> **What is expected**
Repeat the data below exactly, dropping any pictures it holds.

> **Information given**

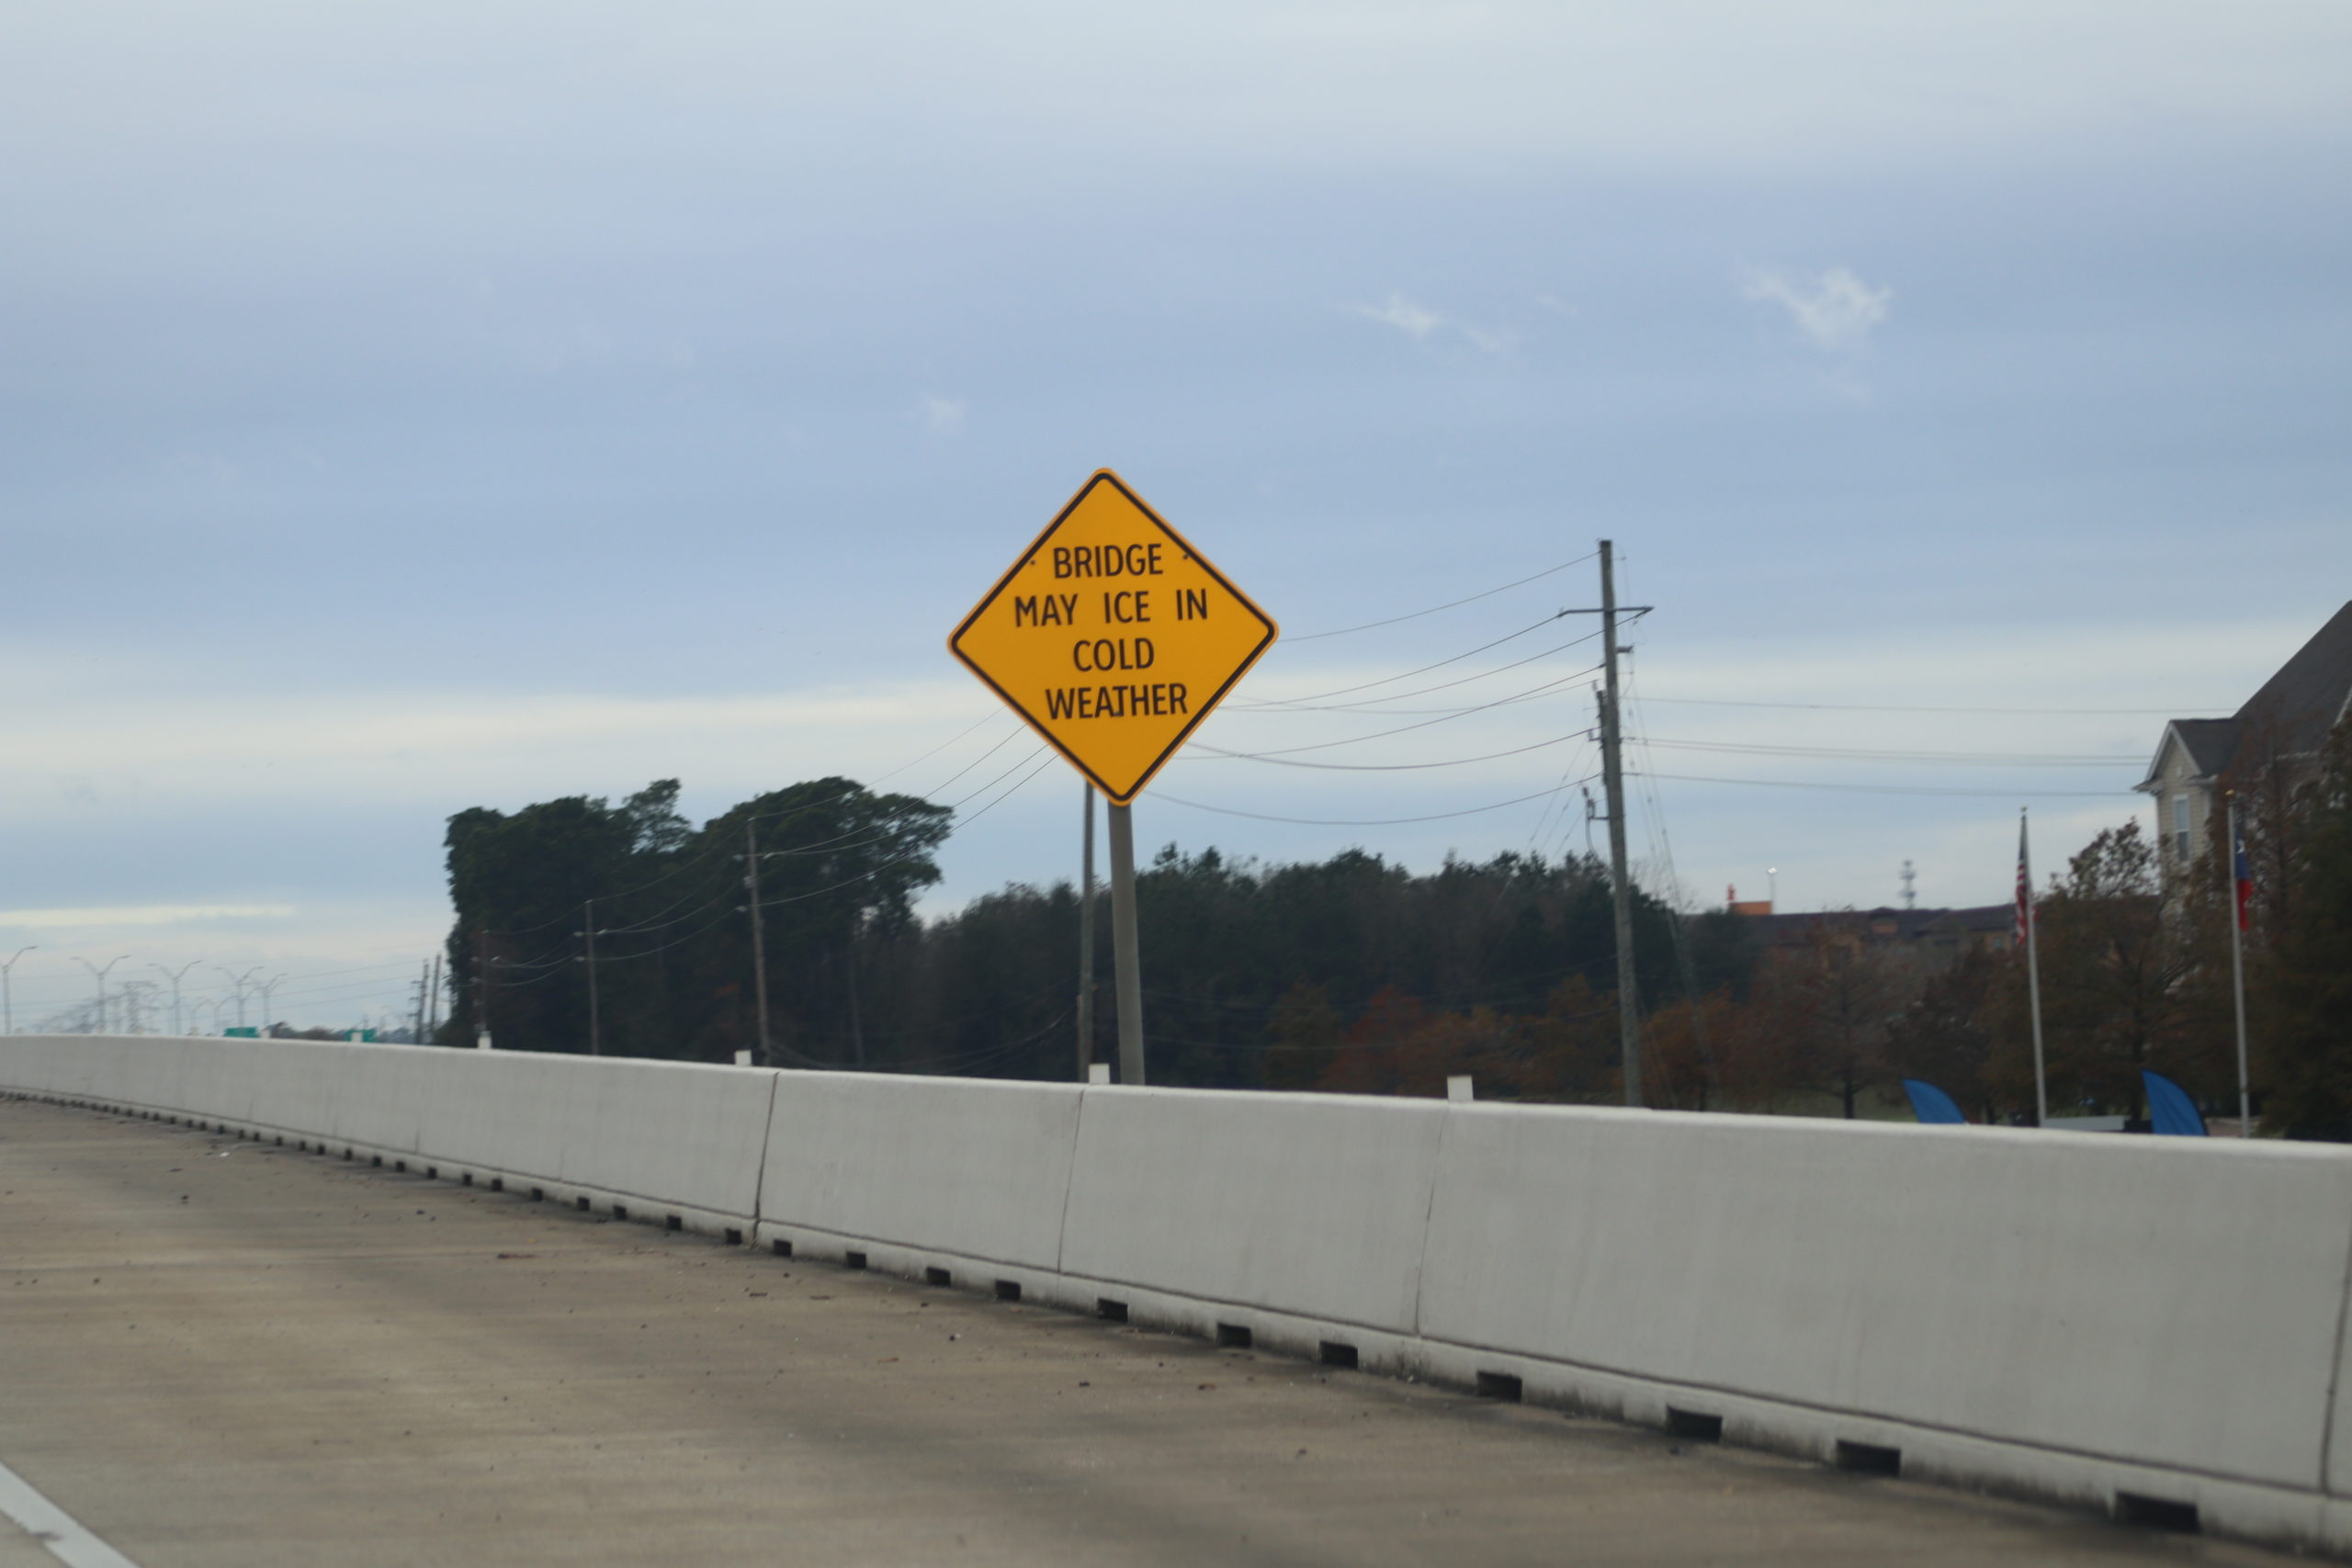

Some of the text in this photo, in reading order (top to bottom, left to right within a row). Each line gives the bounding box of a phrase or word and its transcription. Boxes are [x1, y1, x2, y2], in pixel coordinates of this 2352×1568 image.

[1053, 543, 1164, 580] BRIDGE
[1013, 588, 1209, 628] MAY ICE IN
[1072, 637, 1156, 672] COLD
[1045, 682, 1189, 720] WEATHER

> **Response area**
Some of the text in this photo, in reading order (top to bottom, left to right within a row). Each line gives the bounding box of a phrase or word and its transcription. Boxes are [x1, y1, x2, y2], in pixel coordinates of this 2352×1568 image.

[1053, 543, 1164, 580] BRIDGE
[1013, 588, 1209, 628] MAY ICE IN
[1072, 637, 1156, 672] COLD
[1045, 682, 1189, 720] WEATHER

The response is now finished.